I am sorry you deal in this.
I cannot quite tell what the other woman's role is from your post.
- Did he cheat? And the woman knew it was cheating? So she was his cheating accomplice?
- Or did he cheat and he lied to both you and the woman. So she didn't know she was being taken for a ride and being made his cheating accomplice?
Either way, it doesn't much matter what her role was.
For sure it sounds like he did some poor behaviors. So the details don't seem to much matter. Whether or not he takes some personal responsibility or not is what matters as you evaluate if this is a good long term partner for you or not.
Instead of apologizing and cleaning up his messes? It sounds like he continues to string her along. Who knows what stories he continues to tell her.
And he ignores your upset despite the fact that you have mad him aware of it, you have a romantic relationship together than is getting dinged, and you have co-parenting responsibilities together than need attending to. AND you are pregnant with a new baby. He's dropping all kinds of balls there with you.
I don't think you are overreacting. I would be bothered by this behavior too! It's expecting to have an actual PARTNER, and then trying to deal with a ghost who isn't there and isn't holding up his end of various sticks.
He's basically using the both of you. Nobody likes to be used.
During engagement time people are usually on their BEST behavior because they are trying to see if they are compatible long haul and really wanting to try to make a match. If this is his "best" he can offer you? It's a poor, poor offer. In your shoes I would be rethinking "fiance" and I might not want to go through with marrying him.
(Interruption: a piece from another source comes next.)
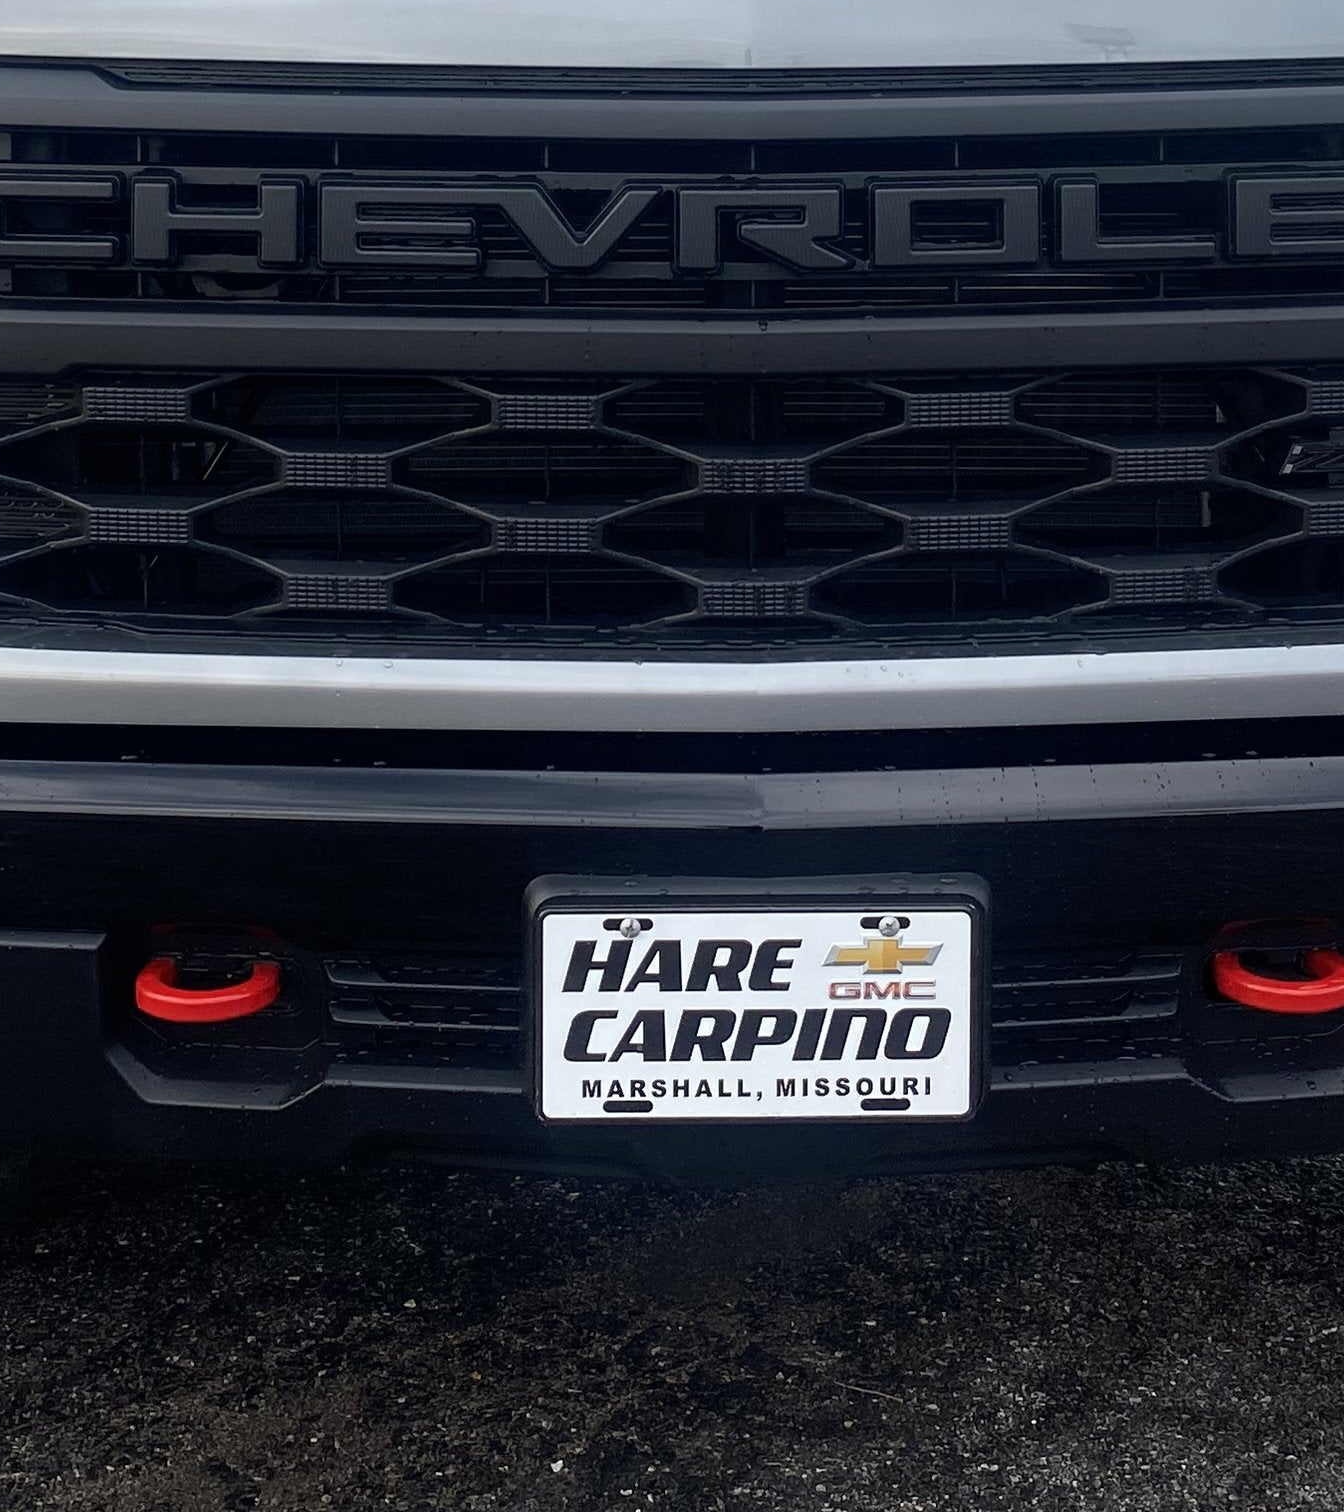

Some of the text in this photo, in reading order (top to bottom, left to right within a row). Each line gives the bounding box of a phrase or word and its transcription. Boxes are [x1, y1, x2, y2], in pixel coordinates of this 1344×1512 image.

[561, 938, 803, 993] HARE
[828, 979, 937, 1000] GMC
[562, 1007, 952, 1063] CARPINO
[581, 1076, 932, 1102] MARSHALL, MISSOURI
Dealing with him as a disrespectful coparent sounds like it would be enough of a drag.
IME, when selfish people are asked to exercise some self control, demonstrate consideration for others, and/or meet responsibilities they don't want to meet? They have a tendency to "flip it around" and play the "blame game" like you are the one at fault. You are supposed to look the other way and let them slide. But you are "playing wrong" -- because you aren't looking the other way. So they flip it around and blame you for "not playing right."
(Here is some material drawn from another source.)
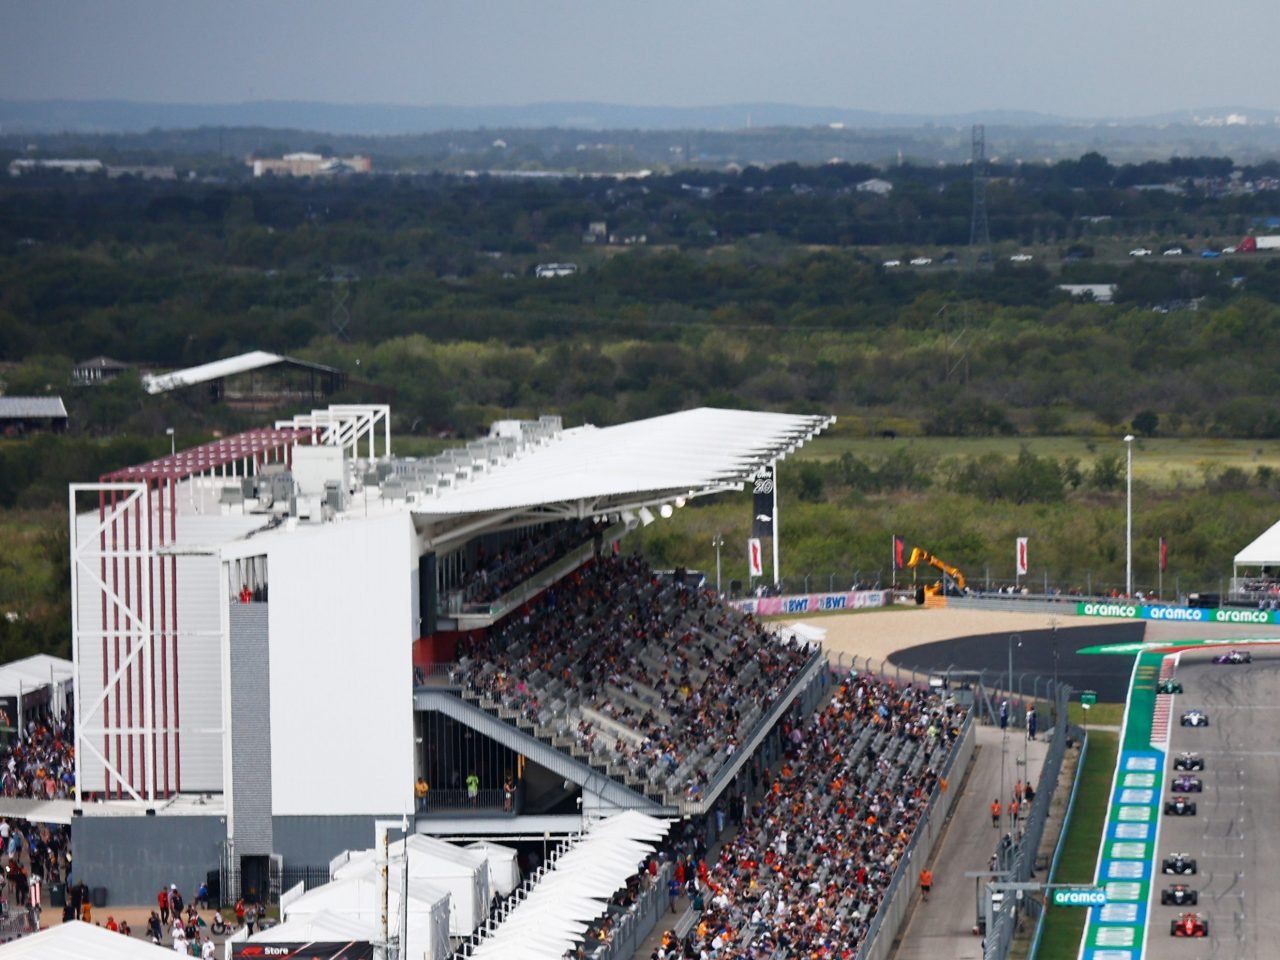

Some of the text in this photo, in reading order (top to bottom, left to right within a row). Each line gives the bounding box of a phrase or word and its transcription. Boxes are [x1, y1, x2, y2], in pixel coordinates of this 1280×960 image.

If they succeed in getting you to defend yourself or make you mad or exhaust you with circular arguments and you give up talking to them about stepping up to meet their responsibilities and exercising self control? Then the spotlight is no longer on their poor behavior and they are off the hook.
Bottom line? He lied to her, he lied to you, and he continues to behave poorly toward you. You don't seem to like it. So you have to figure out what you want to do.
It's challenging enough to try to transition from a cheating start to some kind of poly model without him shirking his responsibilities to you and the babies on top of it.
http://felislunae.org/relationships-love/coming-clean/
You cannot "let him" have his fling. You are not his parent. You also have NO CONTROL over his behavior. He is the one who controls his behavior. Right now it sounds like he is behaving poorly and does not choose to change that behavior. I think what he
means when he says that you should "let him have his fling" is "I want to do whatever I want without having to listen to you tell me I am behaving poorly even if I am behaving poorly."
He might prefer you shut up, but you don't have to. You control YOUR behavior, YOUR boundaries, YOUR consent to participate in things or not.
You could restate your boundaries:
- You could say you do not appreciate being lied to.
- You could say you don't want to be mixed up in his shenanigans with the other woman
Then you figure out the consequences YOU can do are.
- Maybe you decide you are NOT up for changing to a poly model with him and this woman so you tell him you are bowing out it
- Maybe you decide on a trial separation. Wait and see if he comes to his sense or changes his behavior.
- Maybe you decide to end the engagement right now and not bother to wait and see. Just not date him any more and only deal with childcare things.
You might also revise this belief:
because he does not seem to share that belief. It seems he thinks HE comes first.
So you might update your belief to be "In my head, my well being and the kids well being come first. Even if it means not being involved too tight with their father because he brings unhealthy drama into our lives."
Not fun, and I'm sorry you deal in a mess like this.
But if he's not going to work with you to work something out? Best that you accept he's not the reliable partner you were hoping for and accept he has no interested in being a partner to you in this family. He's out for only himself.
So change your definition of "family" to be just you and the kids. And you move on with sorting out your new life.
I do not suggest you say nothing and accept poor treatment from him. All that teaches him is that you will make some initial noise, but you will eventually pipe down. You are basically "ignorable" and "usable." And he can keep on doing whatever he wants whether it hurts you or not.
Might be a great arrangement for HIM, but I don't see how that is healthy or loving for YOU.